LogForwarder	Error	Medium	cz-logd: No credials provided	LogForwarder, Kinesis output: no credentials or faulty credentials provided. Check the Kinesis LogForwarder configuration.
LogForwarder	Error	Medium	cz-logd: Unable to get AWS region, details: X	LogForwarder is unable to get info about an AWS region. Ensure that the correct region is configured for the Kinesis output.
LogForwarder	Error	Medium	cz-logd: Unable to create AWS session, details: X	LogForwarder is unable to create an AWS session using the AWS SDK.
Appliance	Warning	Low	Geoip database was last updated X days ago	The appliance missed receiving the latest geoip data from https://bin.appgate-sdp.com or https://updates.maxmind.com. Make sure your appliance has access to the internet and DNS is working correctly. You can manually force an update using sudo /etc/cron.daily/geoIpDbUpdate --force
Appliance	Warning	Medium	High volume usage <name> [X%]	The specific volume on the disk is >75% full. Check what is taking up space and remove files that are not required, such as old core dumps.
Appliance	Warning	Medium	Certificate with subject <name> for <appliance name> is expiring. You must replace it before <date>. <Cert name> is expiring. You must renew it before <expiration date>.	There is a 30 day warning when an appliance certificate is about to expire. Press the appliance renew certificate option in the System > Appliances menu. Renewing the certificate will restart all services on this appliance.
Appliance	Warning	Medium	The following services have debug logs enabled:	Running with debug logs enabled may harm performance. Switch back to normal logs as soon as possible.
Appliance	Warning	Low	Configuration from Controller is incompatible with this appliance	The configuration from the Controller does not match the configuration format of this appliance. This might be because of a version incompatibility.
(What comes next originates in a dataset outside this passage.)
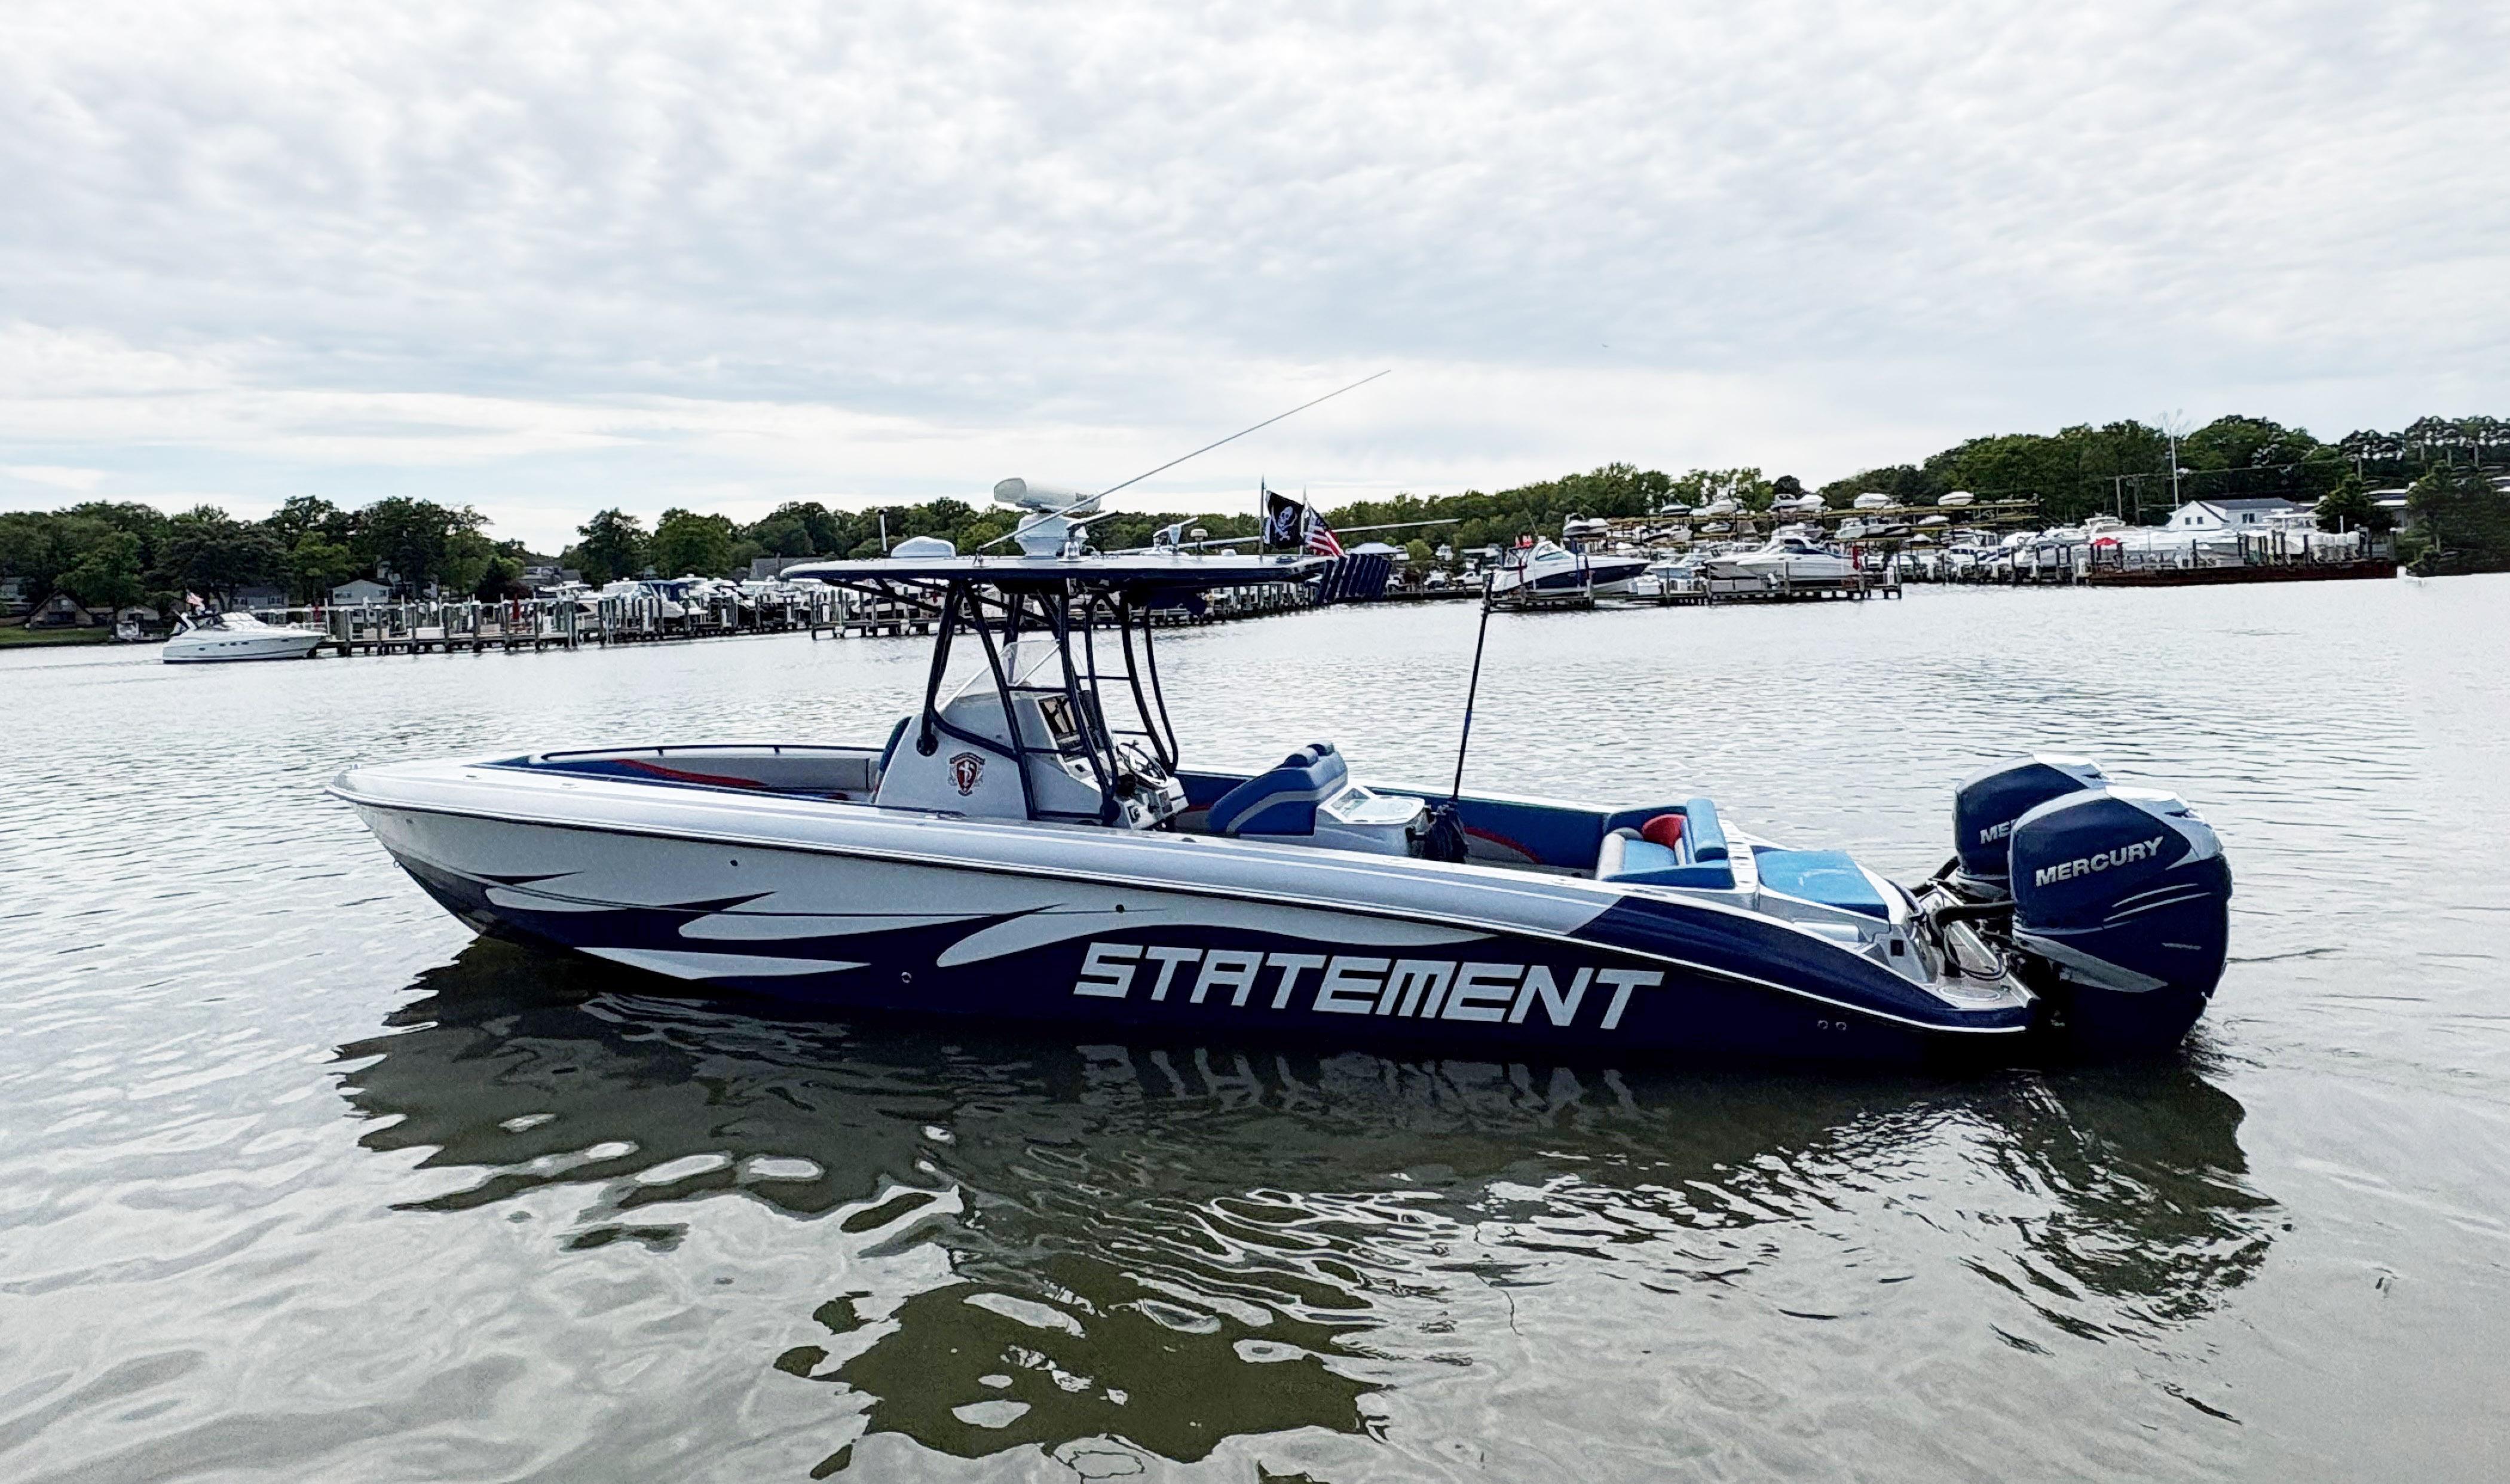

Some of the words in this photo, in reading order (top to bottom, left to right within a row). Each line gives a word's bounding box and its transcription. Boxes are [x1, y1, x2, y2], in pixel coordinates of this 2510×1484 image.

[1979, 819, 2017, 844] ME
[2035, 836, 2163, 887] MERCURY
[1073, 942, 1665, 1029] STATEMENT
Appliance	Warning	Low	cz-ffwd: Unable to connect to X@X (X)	Appliance is unable to connect a websocket connection from the appliance to the LogServer/LogForwarder. Check connectivity between appliances (default TCP port 443, UDP ports 53 and 443).
Appliance	Warning	Low	This system has a CD drive attached	The appliance is running on VMWare and has still a CD drive attached. Go to the VMWare console and remove the attached CD Drive from the virtual machine.
Controller	Warning	High	There are more X than your license allows.	You went over the amount of users. Access to only the first licensed users will be granted.
Controller	Warning	High	IP Pool <name> is too small to be utilized by this Controller.	This error occurs if you assign an IP pool that has less IPs then the amount of Controllers. For example, a /30 with 6 Controllers will give this error.
Controller	Warning	High	Controller appliance certificate does not include the client profile DNS name <name>. You must renew it to allow client connections to this Controller.	The client profile DNS name included in the client profile is not present as a SAN in the appliance's certificate. The certificate can be renewed from the Appliances page in the admin UI.
Controller	Warning	Medium	X of the user licenses are in use.	You are almost running out of user licenses. Contact support or sales to update your license count.
Controller	Warning	Medium	X of the Portal licenses are in use.	You are almost out of Portal licenses. Contact support or sales to update your license count.
Controller	Warning	Medium	X of the service licenses are in use.	You are almost out of service licenses. Contact support or sales to update your license count.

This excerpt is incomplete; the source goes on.